== HOW TO COMPLETE THIS TASK ==
Each line of the material below must be transcribed exactly.

== THE DATA ==

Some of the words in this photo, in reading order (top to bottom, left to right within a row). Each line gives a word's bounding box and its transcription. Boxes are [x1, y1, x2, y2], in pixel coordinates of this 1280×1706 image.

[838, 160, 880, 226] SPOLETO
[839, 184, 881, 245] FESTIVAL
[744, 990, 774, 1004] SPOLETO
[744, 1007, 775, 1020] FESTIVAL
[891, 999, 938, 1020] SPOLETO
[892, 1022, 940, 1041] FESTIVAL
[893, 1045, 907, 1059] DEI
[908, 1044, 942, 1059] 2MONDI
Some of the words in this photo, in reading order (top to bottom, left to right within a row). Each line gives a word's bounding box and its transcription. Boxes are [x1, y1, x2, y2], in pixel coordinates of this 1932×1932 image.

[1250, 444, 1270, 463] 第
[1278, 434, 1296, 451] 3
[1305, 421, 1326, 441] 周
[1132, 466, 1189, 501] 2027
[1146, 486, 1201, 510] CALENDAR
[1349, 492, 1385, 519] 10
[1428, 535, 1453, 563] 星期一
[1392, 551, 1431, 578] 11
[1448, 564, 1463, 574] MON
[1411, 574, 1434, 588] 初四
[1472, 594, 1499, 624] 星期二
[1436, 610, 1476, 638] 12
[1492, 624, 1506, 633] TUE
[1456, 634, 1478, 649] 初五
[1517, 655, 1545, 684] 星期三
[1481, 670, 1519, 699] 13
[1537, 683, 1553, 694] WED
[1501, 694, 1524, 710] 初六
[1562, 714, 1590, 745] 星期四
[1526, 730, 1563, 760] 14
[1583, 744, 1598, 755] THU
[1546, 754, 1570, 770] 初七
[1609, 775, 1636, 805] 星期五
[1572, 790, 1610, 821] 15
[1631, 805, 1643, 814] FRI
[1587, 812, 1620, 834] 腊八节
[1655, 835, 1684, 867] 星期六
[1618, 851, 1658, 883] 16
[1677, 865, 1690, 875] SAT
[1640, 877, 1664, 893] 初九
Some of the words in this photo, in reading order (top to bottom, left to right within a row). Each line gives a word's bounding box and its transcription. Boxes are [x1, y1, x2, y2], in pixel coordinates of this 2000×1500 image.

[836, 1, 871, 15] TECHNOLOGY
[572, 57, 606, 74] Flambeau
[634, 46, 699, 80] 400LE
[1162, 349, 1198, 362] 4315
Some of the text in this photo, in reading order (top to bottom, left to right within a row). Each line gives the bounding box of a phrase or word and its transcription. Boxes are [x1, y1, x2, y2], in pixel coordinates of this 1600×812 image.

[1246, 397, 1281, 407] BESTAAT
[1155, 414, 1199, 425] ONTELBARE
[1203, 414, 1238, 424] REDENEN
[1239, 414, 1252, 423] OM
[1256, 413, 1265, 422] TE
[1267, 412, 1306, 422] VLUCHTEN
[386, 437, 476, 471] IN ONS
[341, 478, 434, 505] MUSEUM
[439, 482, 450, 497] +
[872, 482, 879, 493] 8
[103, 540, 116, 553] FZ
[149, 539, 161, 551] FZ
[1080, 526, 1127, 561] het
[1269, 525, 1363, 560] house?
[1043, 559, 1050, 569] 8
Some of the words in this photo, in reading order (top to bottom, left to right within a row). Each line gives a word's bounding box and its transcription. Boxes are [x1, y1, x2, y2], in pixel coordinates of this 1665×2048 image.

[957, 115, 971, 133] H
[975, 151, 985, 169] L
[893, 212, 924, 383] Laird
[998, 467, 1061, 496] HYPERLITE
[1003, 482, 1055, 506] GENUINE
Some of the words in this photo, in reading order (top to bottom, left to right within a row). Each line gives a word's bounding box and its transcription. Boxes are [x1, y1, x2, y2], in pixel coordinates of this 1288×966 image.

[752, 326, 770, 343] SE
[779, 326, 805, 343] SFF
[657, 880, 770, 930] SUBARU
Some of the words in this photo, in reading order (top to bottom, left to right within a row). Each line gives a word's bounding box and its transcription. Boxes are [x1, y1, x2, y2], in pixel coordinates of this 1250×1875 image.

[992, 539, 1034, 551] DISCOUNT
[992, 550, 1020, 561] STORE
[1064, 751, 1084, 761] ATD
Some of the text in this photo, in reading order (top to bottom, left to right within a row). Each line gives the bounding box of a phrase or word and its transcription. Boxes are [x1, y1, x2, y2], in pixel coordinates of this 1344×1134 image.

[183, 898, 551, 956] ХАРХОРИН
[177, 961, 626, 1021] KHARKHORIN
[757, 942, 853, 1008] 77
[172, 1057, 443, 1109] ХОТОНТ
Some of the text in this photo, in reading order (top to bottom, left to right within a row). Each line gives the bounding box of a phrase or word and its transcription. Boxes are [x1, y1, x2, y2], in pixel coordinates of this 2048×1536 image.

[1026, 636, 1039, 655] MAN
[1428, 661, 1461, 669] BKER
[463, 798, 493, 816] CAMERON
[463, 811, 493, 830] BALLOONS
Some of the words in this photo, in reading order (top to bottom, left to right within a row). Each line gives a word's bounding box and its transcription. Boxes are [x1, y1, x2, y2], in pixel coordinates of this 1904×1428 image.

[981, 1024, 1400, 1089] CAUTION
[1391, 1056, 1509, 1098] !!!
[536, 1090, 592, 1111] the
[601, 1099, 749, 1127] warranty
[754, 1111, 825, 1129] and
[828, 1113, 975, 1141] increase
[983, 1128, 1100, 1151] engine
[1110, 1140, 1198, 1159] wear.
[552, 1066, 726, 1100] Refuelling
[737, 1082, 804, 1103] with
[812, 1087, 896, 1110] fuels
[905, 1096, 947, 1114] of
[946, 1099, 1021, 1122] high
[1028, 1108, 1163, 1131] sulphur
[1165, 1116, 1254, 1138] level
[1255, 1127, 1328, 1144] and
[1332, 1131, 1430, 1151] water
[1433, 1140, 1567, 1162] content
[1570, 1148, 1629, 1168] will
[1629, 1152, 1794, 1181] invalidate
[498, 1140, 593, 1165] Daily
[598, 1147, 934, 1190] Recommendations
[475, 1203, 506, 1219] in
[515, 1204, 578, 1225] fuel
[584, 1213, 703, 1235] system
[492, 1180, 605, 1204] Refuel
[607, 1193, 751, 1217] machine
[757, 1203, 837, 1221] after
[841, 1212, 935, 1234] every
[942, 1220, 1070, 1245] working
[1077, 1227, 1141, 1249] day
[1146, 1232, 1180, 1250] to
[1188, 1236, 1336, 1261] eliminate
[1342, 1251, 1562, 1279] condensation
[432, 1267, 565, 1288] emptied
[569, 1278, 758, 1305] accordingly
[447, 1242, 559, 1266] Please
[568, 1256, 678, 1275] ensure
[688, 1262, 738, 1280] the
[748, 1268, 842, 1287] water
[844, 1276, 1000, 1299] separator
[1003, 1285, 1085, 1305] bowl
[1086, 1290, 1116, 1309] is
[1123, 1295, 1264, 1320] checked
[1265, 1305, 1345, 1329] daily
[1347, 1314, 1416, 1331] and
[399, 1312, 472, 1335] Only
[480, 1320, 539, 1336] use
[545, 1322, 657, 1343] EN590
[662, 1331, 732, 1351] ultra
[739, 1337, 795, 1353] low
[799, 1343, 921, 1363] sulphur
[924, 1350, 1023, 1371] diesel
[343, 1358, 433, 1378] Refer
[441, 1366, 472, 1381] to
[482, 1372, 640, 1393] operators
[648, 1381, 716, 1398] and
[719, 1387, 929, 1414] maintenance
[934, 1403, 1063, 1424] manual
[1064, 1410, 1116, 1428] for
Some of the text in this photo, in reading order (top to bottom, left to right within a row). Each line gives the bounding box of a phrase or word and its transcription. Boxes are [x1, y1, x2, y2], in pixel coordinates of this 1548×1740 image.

== RESULT ==
Some of the words in this photo, in reading order (top to bottom, left to right within a row). Each line gives a word's bounding box and its transcription. Boxes are [x1, y1, x2, y2], in pixel coordinates of this 1280×1706 image.

[838, 160, 880, 226] SPOLETO
[839, 184, 881, 245] FESTIVAL
[744, 990, 774, 1004] SPOLETO
[744, 1007, 775, 1020] FESTIVAL
[891, 999, 938, 1020] SPOLETO
[892, 1022, 940, 1041] FESTIVAL
[893, 1045, 907, 1059] DEI
[908, 1044, 942, 1059] 2MONDI
Some of the words in this photo, in reading order (top to bottom, left to right within a row). Each line gives a word's bounding box and its transcription. Boxes are [x1, y1, x2, y2], in pixel coordinates of this 1932×1932 image.

[1250, 444, 1270, 463] 第
[1278, 434, 1296, 451] 3
[1305, 421, 1326, 441] 周
[1132, 466, 1189, 501] 2027
[1146, 486, 1201, 510] CALENDAR
[1349, 492, 1385, 519] 10
[1428, 535, 1453, 563] 星期一
[1392, 551, 1431, 578] 11
[1448, 564, 1463, 574] MON
[1411, 574, 1434, 588] 初四
[1472, 594, 1499, 624] 星期二
[1436, 610, 1476, 638] 12
[1492, 624, 1506, 633] TUE
[1456, 634, 1478, 649] 初五
[1517, 655, 1545, 684] 星期三
[1481, 670, 1519, 699] 13
[1537, 683, 1553, 694] WED
[1501, 694, 1524, 710] 初六
[1562, 714, 1590, 745] 星期四
[1526, 730, 1563, 760] 14
[1583, 744, 1598, 755] THU
[1546, 754, 1570, 770] 初七
[1609, 775, 1636, 805] 星期五
[1572, 790, 1610, 821] 15
[1631, 805, 1643, 814] FRI
[1587, 812, 1620, 834] 腊八节
[1655, 835, 1684, 867] 星期六
[1618, 851, 1658, 883] 16
[1677, 865, 1690, 875] SAT
[1640, 877, 1664, 893] 初九
Some of the words in this photo, in reading order (top to bottom, left to right within a row). Each line gives a word's bounding box and its transcription. Boxes are [x1, y1, x2, y2], in pixel coordinates of this 2000×1500 image.

[836, 1, 871, 15] TECHNOLOGY
[572, 57, 606, 74] Flambeau
[634, 46, 699, 80] 400LE
[1162, 349, 1198, 362] 4315
Some of the text in this photo, in reading order (top to bottom, left to right within a row). Each line gives the bounding box of a phrase or word and its transcription. Boxes are [x1, y1, x2, y2], in pixel coordinates of this 1600×812 image.

[1246, 397, 1281, 407] BESTAAT
[1155, 414, 1199, 425] ONTELBARE
[1203, 414, 1238, 424] REDENEN
[1239, 414, 1252, 423] OM
[1256, 413, 1265, 422] TE
[1267, 412, 1306, 422] VLUCHTEN
[386, 437, 476, 471] IN ONS
[341, 478, 434, 505] MUSEUM
[439, 482, 450, 497] +
[872, 482, 879, 493] 8
[103, 540, 116, 553] FZ
[149, 539, 161, 551] FZ
[1080, 526, 1127, 561] het
[1269, 525, 1363, 560] house?
[1043, 559, 1050, 569] 8
Some of the words in this photo, in reading order (top to bottom, left to right within a row). Each line gives a word's bounding box and its transcription. Boxes are [x1, y1, x2, y2], in pixel coordinates of this 1665×2048 image.

[957, 115, 971, 133] H
[975, 151, 985, 169] L
[893, 212, 924, 383] Laird
[998, 467, 1061, 496] HYPERLITE
[1003, 482, 1055, 506] GENUINE
Some of the words in this photo, in reading order (top to bottom, left to right within a row). Each line gives a word's bounding box and its transcription. Boxes are [x1, y1, x2, y2], in pixel coordinates of this 1288×966 image.

[752, 326, 770, 343] SE
[779, 326, 805, 343] SFF
[657, 880, 770, 930] SUBARU
Some of the words in this photo, in reading order (top to bottom, left to right within a row). Each line gives a word's bounding box and its transcription. Boxes are [x1, y1, x2, y2], in pixel coordinates of this 1250×1875 image.

[992, 539, 1034, 551] DISCOUNT
[992, 550, 1020, 561] STORE
[1064, 751, 1084, 761] ATD
Some of the text in this photo, in reading order (top to bottom, left to right within a row). Each line gives the bounding box of a phrase or word and its transcription. Boxes are [x1, y1, x2, y2], in pixel coordinates of this 1344×1134 image.

[183, 898, 551, 956] ХАРХОРИН
[177, 961, 626, 1021] KHARKHORIN
[757, 942, 853, 1008] 77
[172, 1057, 443, 1109] ХОТОНТ
Some of the text in this photo, in reading order (top to bottom, left to right within a row). Each line gives the bounding box of a phrase or word and its transcription. Boxes are [x1, y1, x2, y2], in pixel coordinates of this 2048×1536 image.

[1026, 636, 1039, 655] MAN
[1428, 661, 1461, 669] BKER
[463, 798, 493, 816] CAMERON
[463, 811, 493, 830] BALLOONS
Some of the words in this photo, in reading order (top to bottom, left to right within a row). Each line gives a word's bounding box and its transcription. Boxes are [x1, y1, x2, y2], in pixel coordinates of this 1904×1428 image.

[981, 1024, 1400, 1089] CAUTION
[1391, 1056, 1509, 1098] !!!
[536, 1090, 592, 1111] the
[601, 1099, 749, 1127] warranty
[754, 1111, 825, 1129] and
[828, 1113, 975, 1141] increase
[983, 1128, 1100, 1151] engine
[1110, 1140, 1198, 1159] wear.
[552, 1066, 726, 1100] Refuelling
[737, 1082, 804, 1103] with
[812, 1087, 896, 1110] fuels
[905, 1096, 947, 1114] of
[946, 1099, 1021, 1122] high
[1028, 1108, 1163, 1131] sulphur
[1165, 1116, 1254, 1138] level
[1255, 1127, 1328, 1144] and
[1332, 1131, 1430, 1151] water
[1433, 1140, 1567, 1162] content
[1570, 1148, 1629, 1168] will
[1629, 1152, 1794, 1181] invalidate
[498, 1140, 593, 1165] Daily
[598, 1147, 934, 1190] Recommendations
[475, 1203, 506, 1219] in
[515, 1204, 578, 1225] fuel
[584, 1213, 703, 1235] system
[492, 1180, 605, 1204] Refuel
[607, 1193, 751, 1217] machine
[757, 1203, 837, 1221] after
[841, 1212, 935, 1234] every
[942, 1220, 1070, 1245] working
[1077, 1227, 1141, 1249] day
[1146, 1232, 1180, 1250] to
[1188, 1236, 1336, 1261] eliminate
[1342, 1251, 1562, 1279] condensation
[432, 1267, 565, 1288] emptied
[569, 1278, 758, 1305] accordingly
[447, 1242, 559, 1266] Please
[568, 1256, 678, 1275] ensure
[688, 1262, 738, 1280] the
[748, 1268, 842, 1287] water
[844, 1276, 1000, 1299] separator
[1003, 1285, 1085, 1305] bowl
[1086, 1290, 1116, 1309] is
[1123, 1295, 1264, 1320] checked
[1265, 1305, 1345, 1329] daily
[1347, 1314, 1416, 1331] and
[399, 1312, 472, 1335] Only
[480, 1320, 539, 1336] use
[545, 1322, 657, 1343] EN590
[662, 1331, 732, 1351] ultra
[739, 1337, 795, 1353] low
[799, 1343, 921, 1363] sulphur
[924, 1350, 1023, 1371] diesel
[343, 1358, 433, 1378] Refer
[441, 1366, 472, 1381] to
[482, 1372, 640, 1393] operators
[648, 1381, 716, 1398] and
[719, 1387, 929, 1414] maintenance
[934, 1403, 1063, 1424] manual
[1064, 1410, 1116, 1428] for
Some of the text in this photo, in reading order (top to bottom, left to right within a row). Each line gives the bounding box of a phrase or word and its transcription. Boxes are [x1, y1, x2, y2], in pixel coordinates of this 1548×1740 image.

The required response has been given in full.